I’ve often heard the expression that things come in their own time. I’m not always the most patient of people. Lady Wafflenose (my inner critic) takes this to the next level. She has a schedule, and she expects my creativity to reach maximum velocity at specific intervals and make stops at all the right stations precisely on time. A few days ago, I realized I (she) was beating myself up over the fact that my new project, a 20,000 word sci-fi romance novella, wasn’t completely mapped out and I hadn’t figured out all the scenes for the story yet and all the characters and their motivations. The idea had come to me less than 48 hours before.
What. The. Hell.
Creativity doesn’t run on a schedule. Thinking as hard as I possibly can in an effort to squeeze ideas out of my brain is not productive. And berating myself for the fact that ideas aren’t coming to me faster only makes things worse. The best I can hope for is to set up a routine of writing every day and give myself experiences that support, nurture, and foster creativity. A walk in a park, a trip to a museum, watching clouds slide across a blue spring sky, laughing with friends.
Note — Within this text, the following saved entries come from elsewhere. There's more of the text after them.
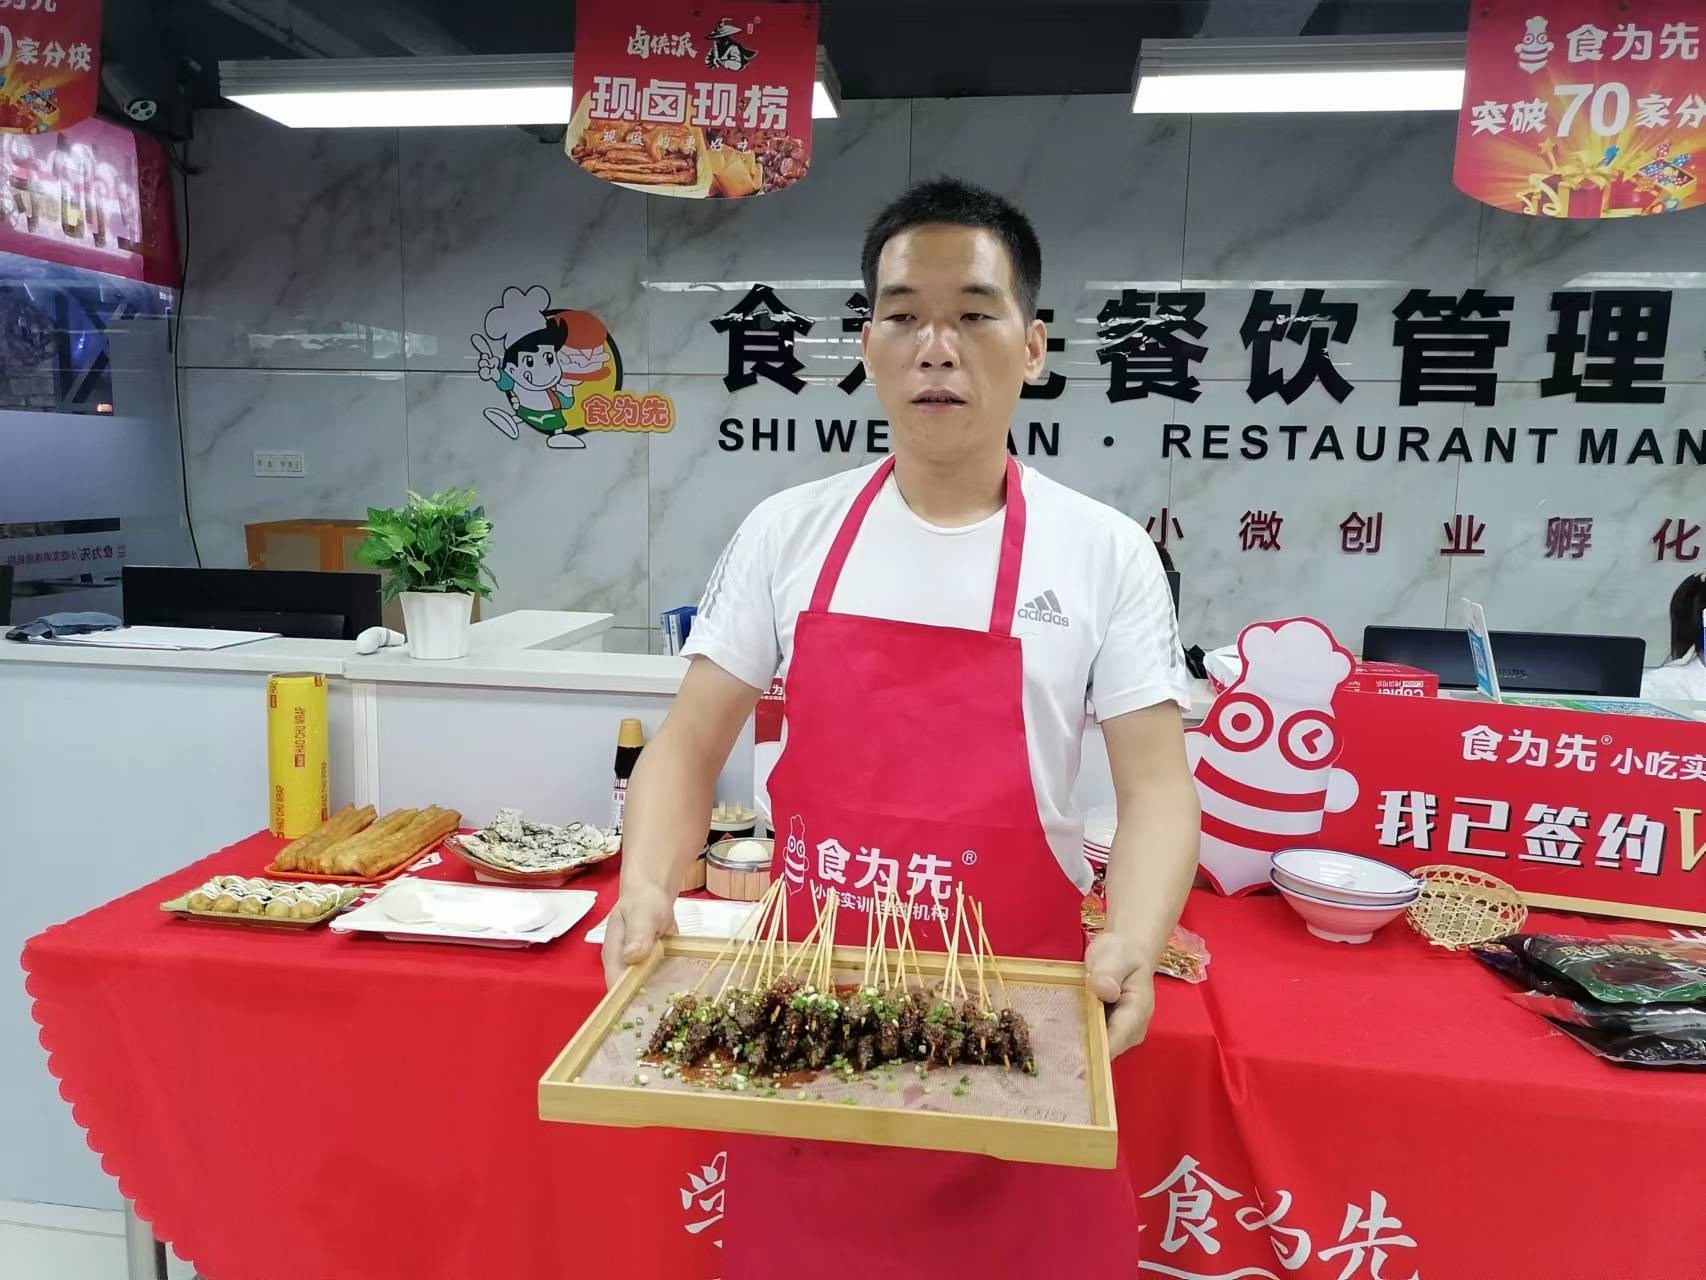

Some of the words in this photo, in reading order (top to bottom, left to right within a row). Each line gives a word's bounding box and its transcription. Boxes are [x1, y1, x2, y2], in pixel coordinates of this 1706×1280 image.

[1566, 22, 1699, 63] 食为先
[590, 76, 789, 130] 现卤现捞
[709, 283, 1674, 406] 食餐饮管理
[583, 394, 670, 428] 食为先
[718, 418, 796, 451] SHI
[814, 419, 890, 453] WE
[1161, 423, 1557, 463] RESTAURANT
[1145, 507, 1701, 562] 小微创业孵化
[1017, 608, 1070, 627] adidas
[1461, 725, 1597, 772] 食为先
[816, 838, 953, 900] 食为先
This doesn’t mean I don’t do the work. Of course I do the work. Writing is work. Amazing, fun, frustrating, and magical work. The only control I can exert over time is how much I spend in the chair, hands on the keyboard or paper and pencil. And that time is the most important of all. The more I let my brain, my body, my soul know that this is the work I need to be doing, the more ideas will bubble to the surface. That time in the chair smooths the way for ideas to come for the current project and all that will come after. When my creativity knows that it’s welcome in my life, that I’m making room for it, then the ideas will come more freely. And in the meantime, I can practice developing my patience as well.